Saudi Arabia: 16 hurt in airport drone attack from Yemen

Saudi Arabia’s state-run news agency said 16 people of different nationalities were wounded Monday at an airport in the south as a result of the interception and destruction of a drone carrying explosives launched from Yemen.

The Saudi-led coalition that’s battling Yemen’s Houthi rebels was quoted as saying that the bomb-laden drone was targeting King Abdullah Airport in the Saudi city of Jizan, near the border with Yemen. Saudi defense forces allege the drone was launched from Sanaa’s airport in the Yemeni capital.

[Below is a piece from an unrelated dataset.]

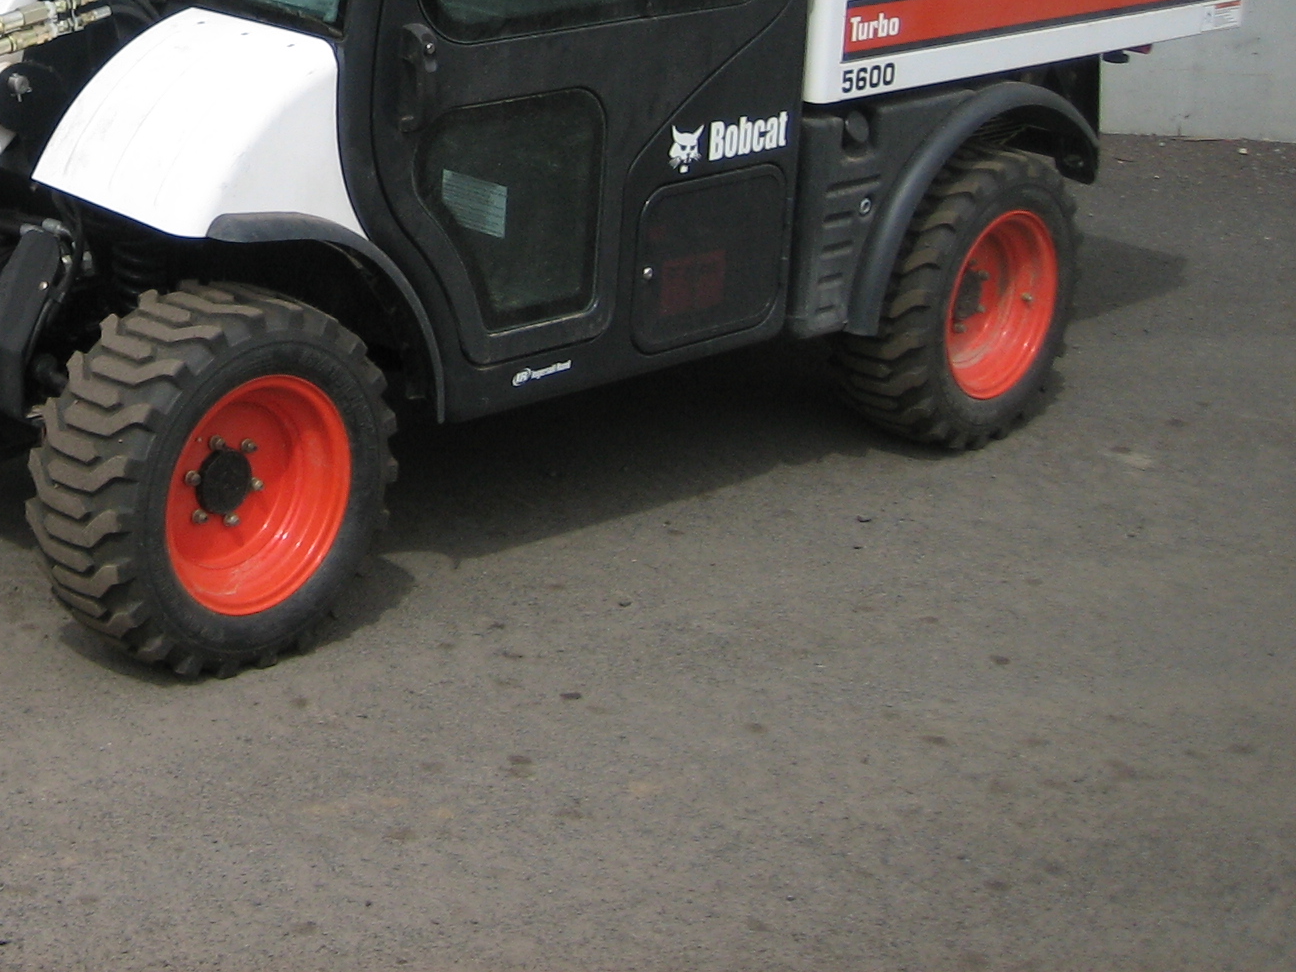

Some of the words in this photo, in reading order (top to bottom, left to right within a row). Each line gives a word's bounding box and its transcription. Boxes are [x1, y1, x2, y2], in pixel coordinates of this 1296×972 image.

[850, 13, 899, 42] Turbo
[842, 63, 895, 93] 5600
[709, 111, 788, 161] Bobcat

Saudi state TV reported three travelers were in critical condition. It aired a short video clip of the aftermath that showed glass shattered across the floor inside the airport near a Baskin-Robbins ice cream store. The state-run Ekhbariya news channel later showed travelers moving about within Jizan’s airport and reported that flights were back to operating normally.

Saudi Arabia has been involved in Yemen’s civil war since 2015, fighting against the Iranian-backed Houthis who overran the capital of Sanaa and ousted the internationally recognized government from power. Despite seven years of fighting and war, the Houthis remain in control of Sanaa and much of northern Yemen.

The attack against Jizan, a region near Saudi Arabia’s border with Yemen, comes on the eve of a patriotic day in the kingdom as the nation prepares to celebrate its first-ever Founding Day. The date, which is different from the traditional national day, is meant to symbolically commemorate the founding and unification of the Saudi state by its Al Saud rulers. Nationwide celebrations have been planned and the king has deemed it a holiday for both the private and public sectors.

The incident also comes less than two weeks after a similar attempted drone attack and interception resulted in 12 people wounded at an airport in the southern Saudi region of Abha, also near the kingdom’s border with Yemen.

The war in Yemen has killed tens of thousands of people, both fighters and civilians, and spawned the world’s worst humanitarian crisis. Many more have been internally displaced.

The United Nations said January’s civilian casualties were the highest in at least three years. More than 650 civilians were killed or injured last month by airstrikes, shelling, small arms fire and other violence. A coalition airstrike hit a detention facility in the Houthi stronghold of Saada in January, killing or injuring more than 300 detainees.

Fighting in the strategic city of Marib in past months has led to increased Houthi attacks against Saudi Arabia and the United Arab Emirates, which is part of the Saudi-led coalition and backs Yemeni militias fighting the Houthis.